Assigned task
Reproduce the data in full, exactly as it appears.

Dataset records
··········

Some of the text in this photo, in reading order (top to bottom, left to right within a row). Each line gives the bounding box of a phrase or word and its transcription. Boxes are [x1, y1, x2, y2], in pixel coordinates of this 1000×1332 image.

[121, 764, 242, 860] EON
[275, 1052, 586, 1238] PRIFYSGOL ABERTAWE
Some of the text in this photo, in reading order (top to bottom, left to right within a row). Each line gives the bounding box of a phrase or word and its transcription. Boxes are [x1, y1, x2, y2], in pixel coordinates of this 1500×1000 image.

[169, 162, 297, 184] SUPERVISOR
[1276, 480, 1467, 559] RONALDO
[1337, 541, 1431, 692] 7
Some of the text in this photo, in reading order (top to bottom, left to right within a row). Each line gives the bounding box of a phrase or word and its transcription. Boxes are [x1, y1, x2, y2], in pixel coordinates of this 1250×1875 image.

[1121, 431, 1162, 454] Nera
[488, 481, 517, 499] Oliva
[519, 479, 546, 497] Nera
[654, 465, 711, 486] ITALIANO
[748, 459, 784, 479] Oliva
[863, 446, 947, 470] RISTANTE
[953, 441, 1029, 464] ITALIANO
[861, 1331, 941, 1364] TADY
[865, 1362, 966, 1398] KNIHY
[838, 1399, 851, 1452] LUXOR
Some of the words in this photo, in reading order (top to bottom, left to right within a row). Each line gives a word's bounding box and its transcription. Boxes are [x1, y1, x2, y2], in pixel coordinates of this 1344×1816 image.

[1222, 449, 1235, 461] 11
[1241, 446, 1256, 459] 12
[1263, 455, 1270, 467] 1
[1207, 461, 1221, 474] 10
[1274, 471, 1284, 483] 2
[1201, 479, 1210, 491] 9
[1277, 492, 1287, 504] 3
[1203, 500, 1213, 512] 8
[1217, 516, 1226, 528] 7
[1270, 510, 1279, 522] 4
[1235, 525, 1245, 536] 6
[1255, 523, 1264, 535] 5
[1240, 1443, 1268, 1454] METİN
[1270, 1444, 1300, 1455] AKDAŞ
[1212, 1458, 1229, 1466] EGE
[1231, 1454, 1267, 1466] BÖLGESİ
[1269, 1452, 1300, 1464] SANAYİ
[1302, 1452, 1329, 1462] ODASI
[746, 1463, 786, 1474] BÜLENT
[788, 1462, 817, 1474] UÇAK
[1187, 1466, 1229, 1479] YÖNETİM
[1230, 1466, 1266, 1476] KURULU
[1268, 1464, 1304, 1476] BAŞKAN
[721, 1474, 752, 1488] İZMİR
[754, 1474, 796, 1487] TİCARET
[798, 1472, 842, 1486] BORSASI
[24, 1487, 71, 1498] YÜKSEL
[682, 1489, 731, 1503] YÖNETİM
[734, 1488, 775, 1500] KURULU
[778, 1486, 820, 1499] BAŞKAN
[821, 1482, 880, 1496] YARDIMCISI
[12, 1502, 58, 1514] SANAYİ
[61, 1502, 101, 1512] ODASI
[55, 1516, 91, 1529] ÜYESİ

··········

Solution to this problem
Some of the text in this photo, in reading order (top to bottom, left to right within a row). Each line gives the bounding box of a phrase or word and its transcription. Boxes are [x1, y1, x2, y2], in pixel coordinates of this 1000×1332 image.

[121, 764, 242, 860] EON
[275, 1052, 586, 1238] PRIFYSGOL ABERTAWE
Some of the text in this photo, in reading order (top to bottom, left to right within a row). Each line gives the bounding box of a phrase or word and its transcription. Boxes are [x1, y1, x2, y2], in pixel coordinates of this 1500×1000 image.

[169, 162, 297, 184] SUPERVISOR
[1276, 480, 1467, 559] RONALDO
[1337, 541, 1431, 692] 7
Some of the text in this photo, in reading order (top to bottom, left to right within a row). Each line gives the bounding box of a phrase or word and its transcription. Boxes are [x1, y1, x2, y2], in pixel coordinates of this 1250×1875 image.

[1121, 431, 1162, 454] Nera
[488, 481, 517, 499] Oliva
[519, 479, 546, 497] Nera
[654, 465, 711, 486] ITALIANO
[748, 459, 784, 479] Oliva
[863, 446, 947, 470] RISTANTE
[953, 441, 1029, 464] ITALIANO
[861, 1331, 941, 1364] TADY
[865, 1362, 966, 1398] KNIHY
[838, 1399, 851, 1452] LUXOR
Some of the words in this photo, in reading order (top to bottom, left to right within a row). Each line gives a word's bounding box and its transcription. Boxes are [x1, y1, x2, y2], in pixel coordinates of this 1344×1816 image.

[1222, 449, 1235, 461] 11
[1241, 446, 1256, 459] 12
[1263, 455, 1270, 467] 1
[1207, 461, 1221, 474] 10
[1274, 471, 1284, 483] 2
[1201, 479, 1210, 491] 9
[1277, 492, 1287, 504] 3
[1203, 500, 1213, 512] 8
[1217, 516, 1226, 528] 7
[1270, 510, 1279, 522] 4
[1235, 525, 1245, 536] 6
[1255, 523, 1264, 535] 5
[1240, 1443, 1268, 1454] METİN
[1270, 1444, 1300, 1455] AKDAŞ
[1212, 1458, 1229, 1466] EGE
[1231, 1454, 1267, 1466] BÖLGESİ
[1269, 1452, 1300, 1464] SANAYİ
[1302, 1452, 1329, 1462] ODASI
[746, 1463, 786, 1474] BÜLENT
[788, 1462, 817, 1474] UÇAK
[1187, 1466, 1229, 1479] YÖNETİM
[1230, 1466, 1266, 1476] KURULU
[1268, 1464, 1304, 1476] BAŞKAN
[721, 1474, 752, 1488] İZMİR
[754, 1474, 796, 1487] TİCARET
[798, 1472, 842, 1486] BORSASI
[24, 1487, 71, 1498] YÜKSEL
[682, 1489, 731, 1503] YÖNETİM
[734, 1488, 775, 1500] KURULU
[778, 1486, 820, 1499] BAŞKAN
[821, 1482, 880, 1496] YARDIMCISI
[12, 1502, 58, 1514] SANAYİ
[61, 1502, 101, 1512] ODASI
[55, 1516, 91, 1529] ÜYESİ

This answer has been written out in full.